Timosina alfa 1 promueve la movilización y la activación antifungica de Th1/T reg de DC humanas

(A) Expresión en superficie de DC11c, CD1a y CD123 en DC derivadas de células CD14+ periféricas de diferentes donantes con GM-CSF/IL-4 (DC-GM) o FLT3L (DC-FL) en presencia de timosina alfa 1. Se indica el porcentaje de células positivas.

(B) Fagocitosis de los conidios por DC-GM o DC-FL expuestas (+) o no (-) a timosina alfa 1 de siete receptores de células T con disminución del número de HSCT haploidénticas. Los datos son las medias ± SE y se expresaron como % internalización (números dentro de las figuras). (*) P <0,05, células tratadas con timosina alfa 1 frente a las células no tratadas.

(C) La producción de citocinas (pg/ml por ELISA) por DC inducidas con timosina alfa 1 de donantes sanos cultivadas en un medio libre de suero (1 x 106 células/ml) con conidios de Aspergillus no opsonizados (5 x 105/ml) o 10 µg /ml de Zymosan 2 µg / ml de CpG-B ODN 2006 durante 24 horas. Los datos mostrados son resultados agregados de tres experimentos independientes y se presentan en el promedio ± DS. Los límites de detección (pg/ml) de los ensayos fueron: <3 para IL-12p70, <5 para IL-10, y <3 ng/ml para IFN-a.

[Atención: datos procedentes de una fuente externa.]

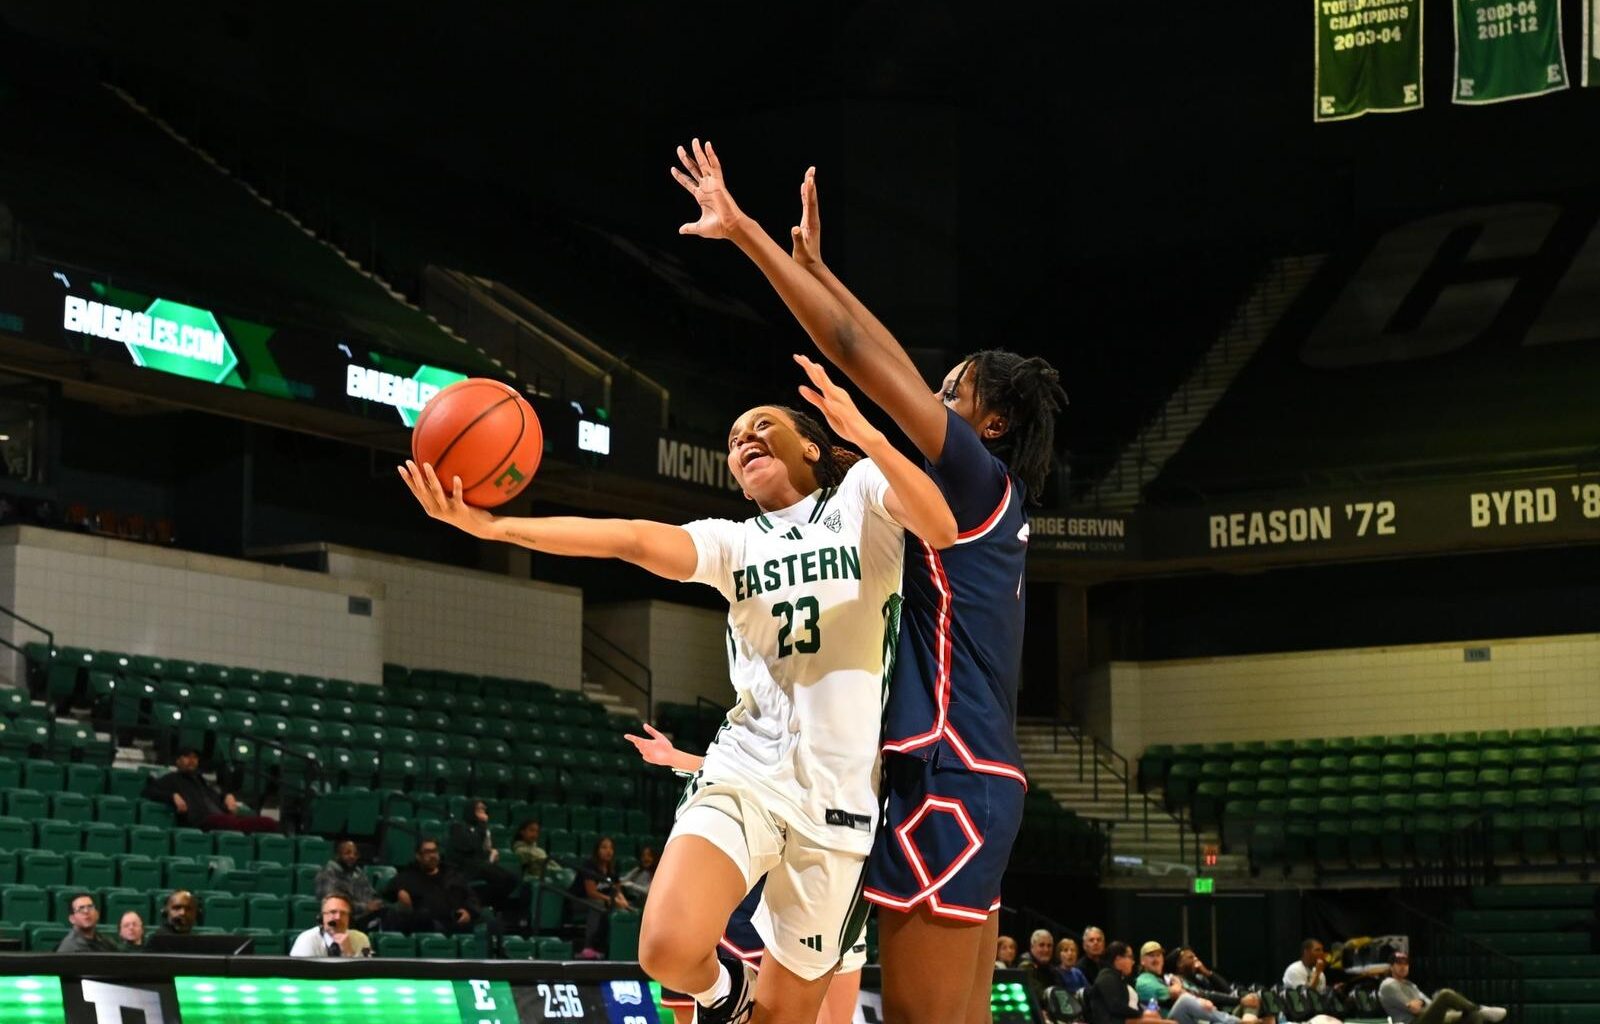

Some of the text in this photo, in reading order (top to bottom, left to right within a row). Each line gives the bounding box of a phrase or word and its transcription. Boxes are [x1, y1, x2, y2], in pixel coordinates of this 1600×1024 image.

[1330, 6, 1408, 30] CHAMPIONS
[1476, 0, 1537, 23] 2003-04
[1333, 25, 1402, 51] 2003-04
[1478, 16, 1538, 40] 2011-12
[1546, 64, 1562, 84] E
[1403, 84, 1418, 104] E
[1460, 78, 1475, 97] E
[1320, 96, 1336, 115] E
[347, 364, 441, 412] EMUEAGLE
[1471, 487, 1557, 528] BYRD
[1028, 517, 1066, 536] ORGE
[1067, 517, 1125, 537] GERVIN
[1209, 501, 1396, 548] REASON '72
[733, 545, 862, 602] EASTERN
[772, 595, 821, 659] 23
[468, 979, 497, 1011] E
[537, 984, 585, 1018] 2:56
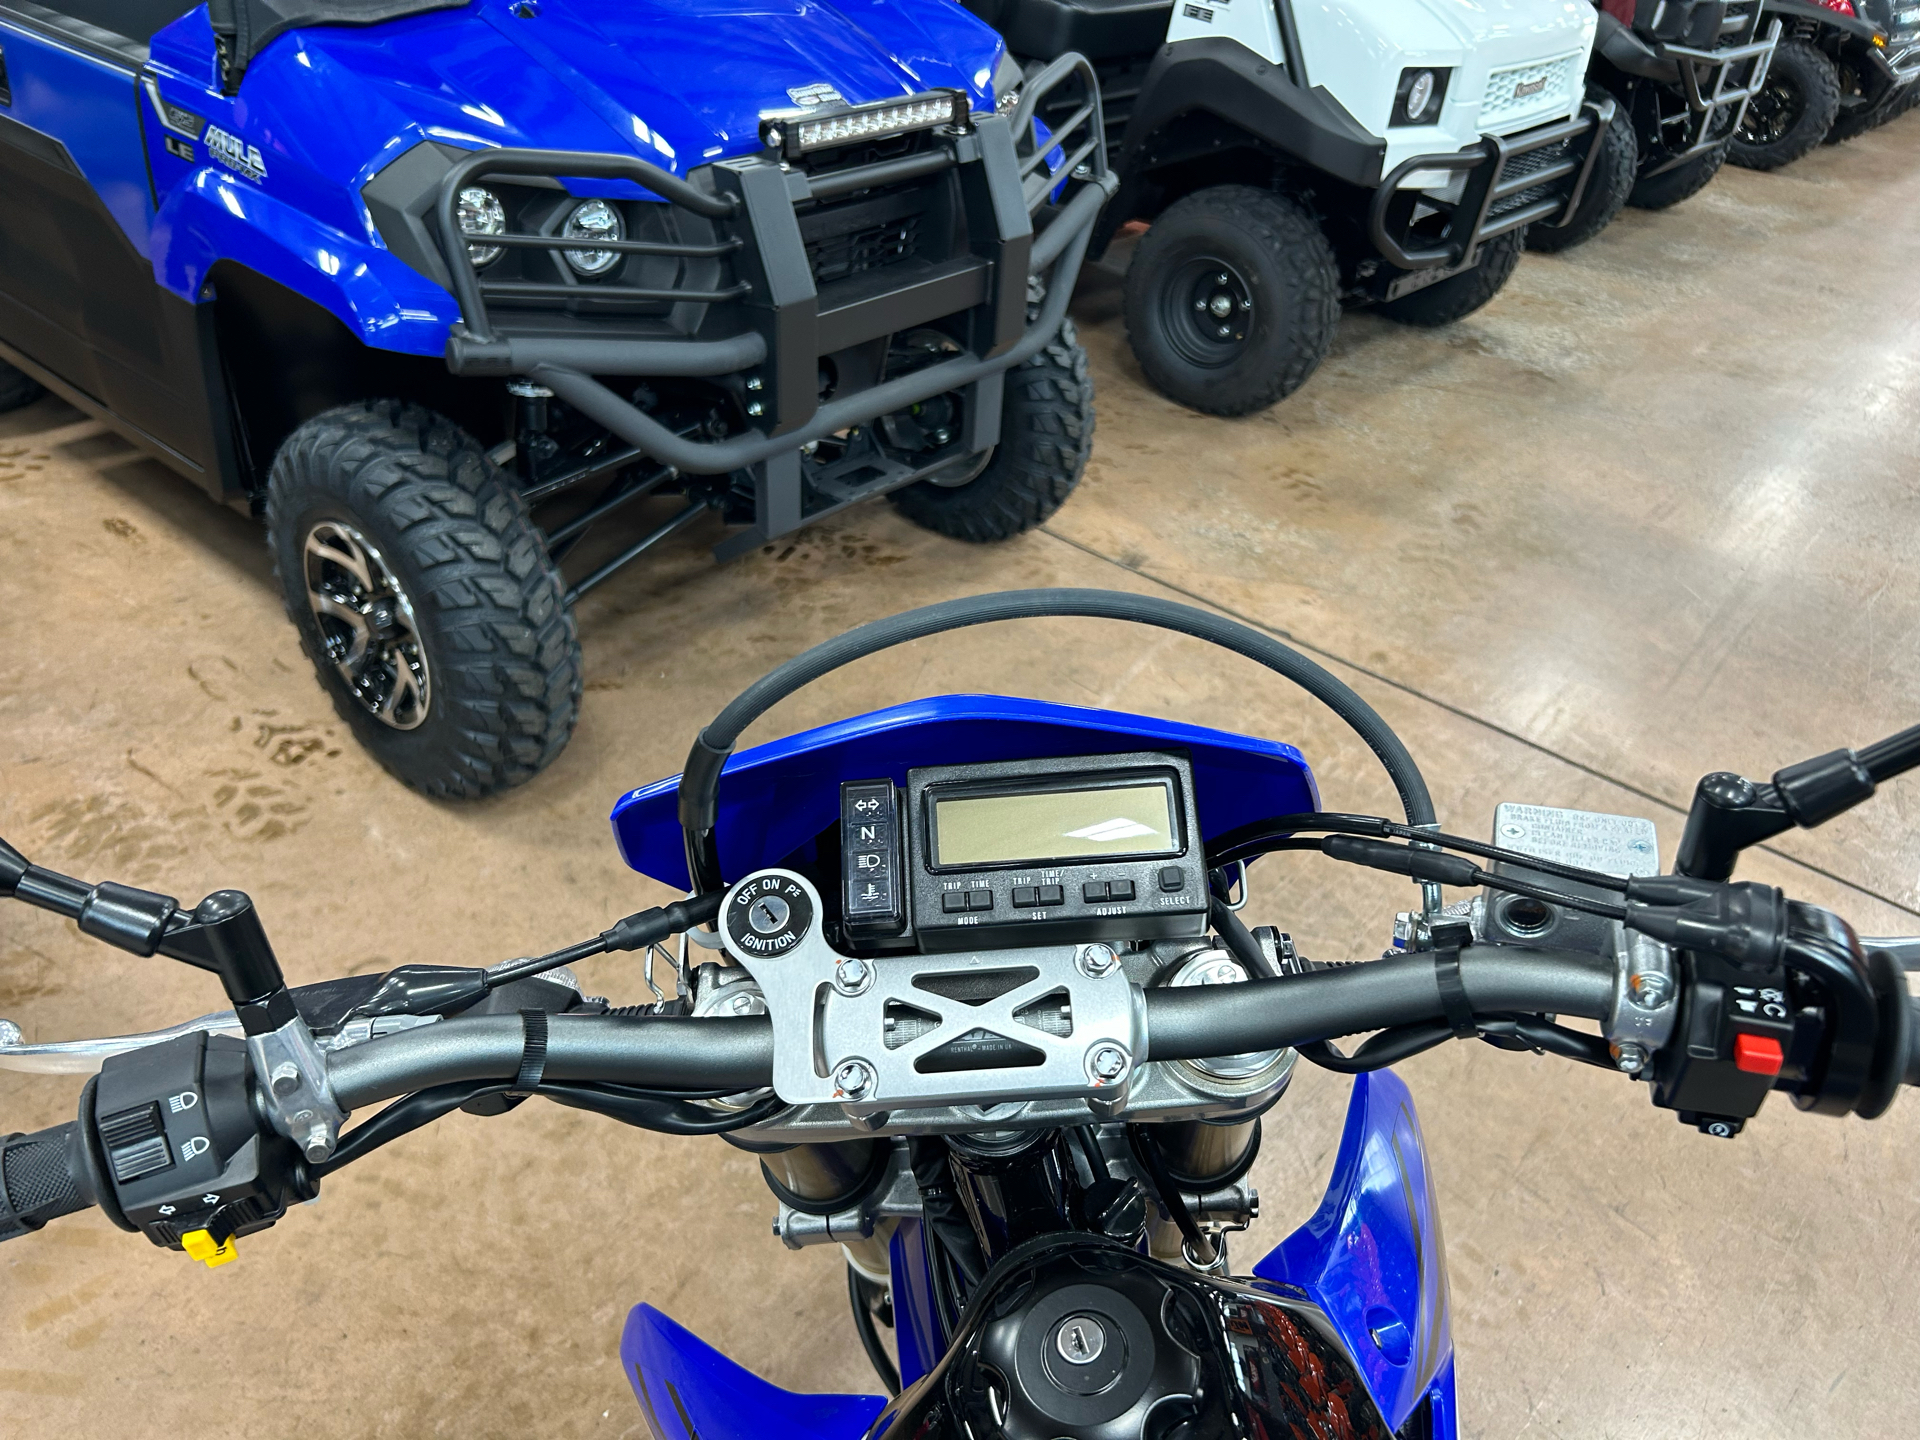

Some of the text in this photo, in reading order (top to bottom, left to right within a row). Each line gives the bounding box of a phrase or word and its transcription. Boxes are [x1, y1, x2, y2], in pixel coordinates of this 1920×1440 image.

[165, 136, 195, 162] LE
[204, 124, 268, 178] MULE
[1504, 804, 1564, 818] WARNING
[1510, 814, 1540, 823] BRAKE
[861, 826, 875, 840] N
[1041, 869, 1065, 878] TIME/
[944, 880, 990, 890] TRIP TIME
[1013, 877, 1031, 885] TRIP
[1042, 878, 1060, 886] TRIP
[737, 883, 757, 905] OFF
[762, 879, 780, 890] ON
[1160, 896, 1191, 906] SELECT
[1032, 912, 1047, 920] SET
[1096, 906, 1127, 916] ADJUST
[957, 916, 979, 925] MODE
[741, 930, 796, 951] IGNITION

(D) La producción de citoquinas por los clones de células T CD4+ específicas de Aspergillus de sangre periférica de células de donantes sanas en respuesta a DC tratadas con α1.- pulsadas con Aspergillus. Las barras indican los errores estándar. Los límites de detección (pg/ml) de los ensayos fueron: <0,5 para IL-4 e IFN-.. * P <0,05, células estimuladas por conidios frente a no estimuladas. (**) P <0,05, células expuestas a timosina alfa l frente a las no expuestas.

(E) Frecuencia de clones de células T específicas aloreactivas o específicas de Aspergillus que responden a los diferentes tipos de DC pulsadas por hongos o DC no pulsadas, respectivamente, procedentes de donantes sanos o de pacientes trasplantados. Los clones en crecimiento se evaluaron para la especificidad después de 2 días de estimulación con DC. (*) P <0,05, DC-GM frente a las células de sangre periférica (-). (**) P <0.05, DC-HSCT frente a todas las demás DC. nd, no realizado.

REIVINDICACIONES

1. Timosina alfa 1 para uso en la prevención o tratamiento de la enfermedad de injerto contra huésped en el trasplante de órganos en mamíferos.

2. Timosina alfa 1 para uso según la reivindicación 1, en donde el mamífero es un paciente humano.

3. Timosina alfa 1 para uso según la reivindicación 1, en donde el paciente está en un régimen de acondicionamiento mieloablativo.

4. Timosina alfa 1 para uso según la reivindicación 1, en donde el paciente está en un régimen de acondicionamiento no mieloablativo.

5. Timosina alfa 1 para uso según la reivindicación 1, en donde la timosina alfa 1 se administra al paciente en una cantidad farmacéuticamente eficaz dentro de un intervalo de tiempo predeterminado antes y/o después del trasplante.

6. Timosina alfa 1 para uso según la reivindicación 1, en donde la timosina alfa 1 se administra en combinación con un agente inmunosupresor seleccionado de entre el grupo que comprende prednisona, metilprednisolona, ciclofosfamida, ciclosporina A, FK506, talidomida, azatioprina, Daclizumab, Infliximab, MEDI-205, abx-cbl o ATG.